• _Exercise description_
Go to the line containing "this 1000×1500 image." in the listing below. Output that line and each later one exactly.

:: Supplied records ::

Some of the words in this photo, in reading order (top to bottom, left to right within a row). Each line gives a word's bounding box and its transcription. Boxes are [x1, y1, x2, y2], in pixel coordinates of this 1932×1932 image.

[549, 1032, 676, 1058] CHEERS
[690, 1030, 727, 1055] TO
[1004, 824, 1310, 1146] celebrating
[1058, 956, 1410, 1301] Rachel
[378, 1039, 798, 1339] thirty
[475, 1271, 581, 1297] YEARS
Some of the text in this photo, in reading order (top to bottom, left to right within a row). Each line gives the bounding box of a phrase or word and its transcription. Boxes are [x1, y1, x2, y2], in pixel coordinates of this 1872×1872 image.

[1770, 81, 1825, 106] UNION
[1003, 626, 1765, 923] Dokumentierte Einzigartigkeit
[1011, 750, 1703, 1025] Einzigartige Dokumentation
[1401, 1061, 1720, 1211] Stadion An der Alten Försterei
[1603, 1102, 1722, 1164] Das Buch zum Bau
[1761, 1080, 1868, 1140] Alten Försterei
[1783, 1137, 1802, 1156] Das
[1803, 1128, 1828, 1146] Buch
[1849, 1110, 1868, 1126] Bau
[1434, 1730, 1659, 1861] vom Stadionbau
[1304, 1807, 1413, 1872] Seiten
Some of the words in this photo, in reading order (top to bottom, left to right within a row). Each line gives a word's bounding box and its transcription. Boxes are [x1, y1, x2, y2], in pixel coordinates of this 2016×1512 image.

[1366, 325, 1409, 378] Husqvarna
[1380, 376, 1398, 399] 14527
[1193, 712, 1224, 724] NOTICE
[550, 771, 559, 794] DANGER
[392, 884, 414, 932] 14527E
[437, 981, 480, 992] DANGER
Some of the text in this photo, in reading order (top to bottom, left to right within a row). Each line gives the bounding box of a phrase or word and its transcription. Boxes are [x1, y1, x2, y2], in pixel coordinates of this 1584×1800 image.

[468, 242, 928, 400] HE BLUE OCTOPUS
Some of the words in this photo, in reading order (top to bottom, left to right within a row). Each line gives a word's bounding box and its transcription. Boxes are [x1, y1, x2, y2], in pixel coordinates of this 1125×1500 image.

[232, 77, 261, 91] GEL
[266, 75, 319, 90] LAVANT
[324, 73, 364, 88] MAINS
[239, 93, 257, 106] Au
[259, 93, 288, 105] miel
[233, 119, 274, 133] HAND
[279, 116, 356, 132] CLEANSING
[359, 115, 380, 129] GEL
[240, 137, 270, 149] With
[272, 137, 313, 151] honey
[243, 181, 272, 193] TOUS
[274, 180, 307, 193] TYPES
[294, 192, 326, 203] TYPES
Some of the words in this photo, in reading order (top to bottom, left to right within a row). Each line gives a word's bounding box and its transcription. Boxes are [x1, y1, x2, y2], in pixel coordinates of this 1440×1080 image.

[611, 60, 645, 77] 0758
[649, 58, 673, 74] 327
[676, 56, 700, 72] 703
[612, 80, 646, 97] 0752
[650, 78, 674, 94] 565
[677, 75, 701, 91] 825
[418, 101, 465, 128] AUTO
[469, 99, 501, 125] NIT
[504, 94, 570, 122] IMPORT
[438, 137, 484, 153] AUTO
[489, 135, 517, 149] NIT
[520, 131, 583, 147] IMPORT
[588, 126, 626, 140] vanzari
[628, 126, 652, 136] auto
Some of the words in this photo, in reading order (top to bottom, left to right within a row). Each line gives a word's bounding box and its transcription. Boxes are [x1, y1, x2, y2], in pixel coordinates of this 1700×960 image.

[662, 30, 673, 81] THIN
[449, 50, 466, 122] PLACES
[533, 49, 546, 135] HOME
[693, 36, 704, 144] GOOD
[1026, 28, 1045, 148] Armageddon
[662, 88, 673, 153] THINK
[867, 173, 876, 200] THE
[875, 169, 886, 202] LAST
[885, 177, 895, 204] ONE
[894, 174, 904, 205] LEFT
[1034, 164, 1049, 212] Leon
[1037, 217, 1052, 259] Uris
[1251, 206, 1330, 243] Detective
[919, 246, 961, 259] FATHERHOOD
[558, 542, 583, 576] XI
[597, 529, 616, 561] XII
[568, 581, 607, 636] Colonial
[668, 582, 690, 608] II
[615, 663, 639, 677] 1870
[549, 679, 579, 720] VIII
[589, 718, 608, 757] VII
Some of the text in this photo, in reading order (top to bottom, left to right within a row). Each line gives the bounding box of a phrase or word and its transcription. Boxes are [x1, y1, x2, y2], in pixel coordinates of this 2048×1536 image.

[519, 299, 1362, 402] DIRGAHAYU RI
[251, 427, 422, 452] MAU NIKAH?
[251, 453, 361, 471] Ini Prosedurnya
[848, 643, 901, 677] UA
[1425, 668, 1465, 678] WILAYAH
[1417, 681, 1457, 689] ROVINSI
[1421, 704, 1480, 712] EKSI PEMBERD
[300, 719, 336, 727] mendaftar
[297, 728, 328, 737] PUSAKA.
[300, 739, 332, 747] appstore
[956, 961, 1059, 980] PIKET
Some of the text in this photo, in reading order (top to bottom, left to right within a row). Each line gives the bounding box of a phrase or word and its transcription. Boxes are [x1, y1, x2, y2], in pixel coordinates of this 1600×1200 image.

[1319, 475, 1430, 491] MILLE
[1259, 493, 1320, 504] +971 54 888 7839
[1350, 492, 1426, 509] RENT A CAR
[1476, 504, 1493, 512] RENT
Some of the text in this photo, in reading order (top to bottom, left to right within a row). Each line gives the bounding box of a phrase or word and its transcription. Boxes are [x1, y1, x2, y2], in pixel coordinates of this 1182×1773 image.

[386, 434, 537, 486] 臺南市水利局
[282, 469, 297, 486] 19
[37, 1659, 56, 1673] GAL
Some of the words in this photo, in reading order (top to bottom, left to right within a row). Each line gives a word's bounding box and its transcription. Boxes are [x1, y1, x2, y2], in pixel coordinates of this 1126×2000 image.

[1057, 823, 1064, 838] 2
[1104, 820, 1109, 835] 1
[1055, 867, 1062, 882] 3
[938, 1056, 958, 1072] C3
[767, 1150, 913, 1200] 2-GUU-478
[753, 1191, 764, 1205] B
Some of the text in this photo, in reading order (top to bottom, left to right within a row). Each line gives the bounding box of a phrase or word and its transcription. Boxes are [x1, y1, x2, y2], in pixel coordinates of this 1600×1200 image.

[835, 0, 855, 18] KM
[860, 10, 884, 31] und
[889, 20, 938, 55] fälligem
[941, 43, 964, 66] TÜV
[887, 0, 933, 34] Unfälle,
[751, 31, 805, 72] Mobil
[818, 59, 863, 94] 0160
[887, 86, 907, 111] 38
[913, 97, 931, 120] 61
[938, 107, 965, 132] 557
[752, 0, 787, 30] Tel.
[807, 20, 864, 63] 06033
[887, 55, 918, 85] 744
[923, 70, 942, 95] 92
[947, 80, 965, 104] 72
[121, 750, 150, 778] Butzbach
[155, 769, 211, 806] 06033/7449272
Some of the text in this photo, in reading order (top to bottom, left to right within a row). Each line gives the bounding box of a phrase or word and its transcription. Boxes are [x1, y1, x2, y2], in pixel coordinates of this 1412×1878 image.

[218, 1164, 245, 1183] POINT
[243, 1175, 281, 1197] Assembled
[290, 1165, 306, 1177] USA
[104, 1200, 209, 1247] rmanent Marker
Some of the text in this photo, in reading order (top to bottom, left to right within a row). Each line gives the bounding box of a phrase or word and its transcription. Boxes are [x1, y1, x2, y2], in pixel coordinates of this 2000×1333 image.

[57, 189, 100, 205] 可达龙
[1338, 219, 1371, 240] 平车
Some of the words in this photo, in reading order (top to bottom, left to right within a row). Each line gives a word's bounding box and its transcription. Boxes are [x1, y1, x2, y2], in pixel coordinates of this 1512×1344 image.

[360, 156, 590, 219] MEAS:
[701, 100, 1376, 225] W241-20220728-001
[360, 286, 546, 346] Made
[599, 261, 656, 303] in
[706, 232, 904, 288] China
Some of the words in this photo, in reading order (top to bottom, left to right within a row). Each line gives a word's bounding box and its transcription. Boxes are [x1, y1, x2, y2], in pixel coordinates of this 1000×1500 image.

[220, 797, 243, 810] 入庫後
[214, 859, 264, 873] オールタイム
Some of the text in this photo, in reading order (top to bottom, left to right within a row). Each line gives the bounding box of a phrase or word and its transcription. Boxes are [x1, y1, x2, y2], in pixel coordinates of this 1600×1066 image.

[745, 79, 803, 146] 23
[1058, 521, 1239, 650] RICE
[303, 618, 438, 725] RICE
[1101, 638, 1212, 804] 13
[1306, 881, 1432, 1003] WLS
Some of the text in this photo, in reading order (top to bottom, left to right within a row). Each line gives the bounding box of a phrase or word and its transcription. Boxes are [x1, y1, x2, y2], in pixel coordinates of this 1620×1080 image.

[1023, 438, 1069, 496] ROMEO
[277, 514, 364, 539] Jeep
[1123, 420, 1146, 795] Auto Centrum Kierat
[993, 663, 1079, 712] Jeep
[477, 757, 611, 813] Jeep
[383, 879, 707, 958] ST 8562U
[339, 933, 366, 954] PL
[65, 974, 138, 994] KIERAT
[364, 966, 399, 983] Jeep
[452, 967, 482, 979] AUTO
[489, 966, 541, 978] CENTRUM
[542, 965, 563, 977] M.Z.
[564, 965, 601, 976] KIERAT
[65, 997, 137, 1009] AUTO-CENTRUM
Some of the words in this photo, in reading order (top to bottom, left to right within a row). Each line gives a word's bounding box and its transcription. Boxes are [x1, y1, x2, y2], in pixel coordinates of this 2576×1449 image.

:::

• _Answer for this exercise_
Some of the words in this photo, in reading order (top to bottom, left to right within a row). Each line gives a word's bounding box and its transcription. Boxes are [x1, y1, x2, y2], in pixel coordinates of this 1000×1500 image.

[220, 797, 243, 810] 入庫後
[214, 859, 264, 873] オールタイム
Some of the text in this photo, in reading order (top to bottom, left to right within a row). Each line gives the bounding box of a phrase or word and its transcription. Boxes are [x1, y1, x2, y2], in pixel coordinates of this 1600×1066 image.

[745, 79, 803, 146] 23
[1058, 521, 1239, 650] RICE
[303, 618, 438, 725] RICE
[1101, 638, 1212, 804] 13
[1306, 881, 1432, 1003] WLS
Some of the text in this photo, in reading order (top to bottom, left to right within a row). Each line gives the bounding box of a phrase or word and its transcription. Boxes are [x1, y1, x2, y2], in pixel coordinates of this 1620×1080 image.

[1023, 438, 1069, 496] ROMEO
[277, 514, 364, 539] Jeep
[1123, 420, 1146, 795] Auto Centrum Kierat
[993, 663, 1079, 712] Jeep
[477, 757, 611, 813] Jeep
[383, 879, 707, 958] ST 8562U
[339, 933, 366, 954] PL
[65, 974, 138, 994] KIERAT
[364, 966, 399, 983] Jeep
[452, 967, 482, 979] AUTO
[489, 966, 541, 978] CENTRUM
[542, 965, 563, 977] M.Z.
[564, 965, 601, 976] KIERAT
[65, 997, 137, 1009] AUTO-CENTRUM
Some of the words in this photo, in reading order (top to bottom, left to right within a row). Each line gives a word's bounding box and its transcription. Boxes are [x1, y1, x2, y2], in pixel coordinates of this 2576×1449 image.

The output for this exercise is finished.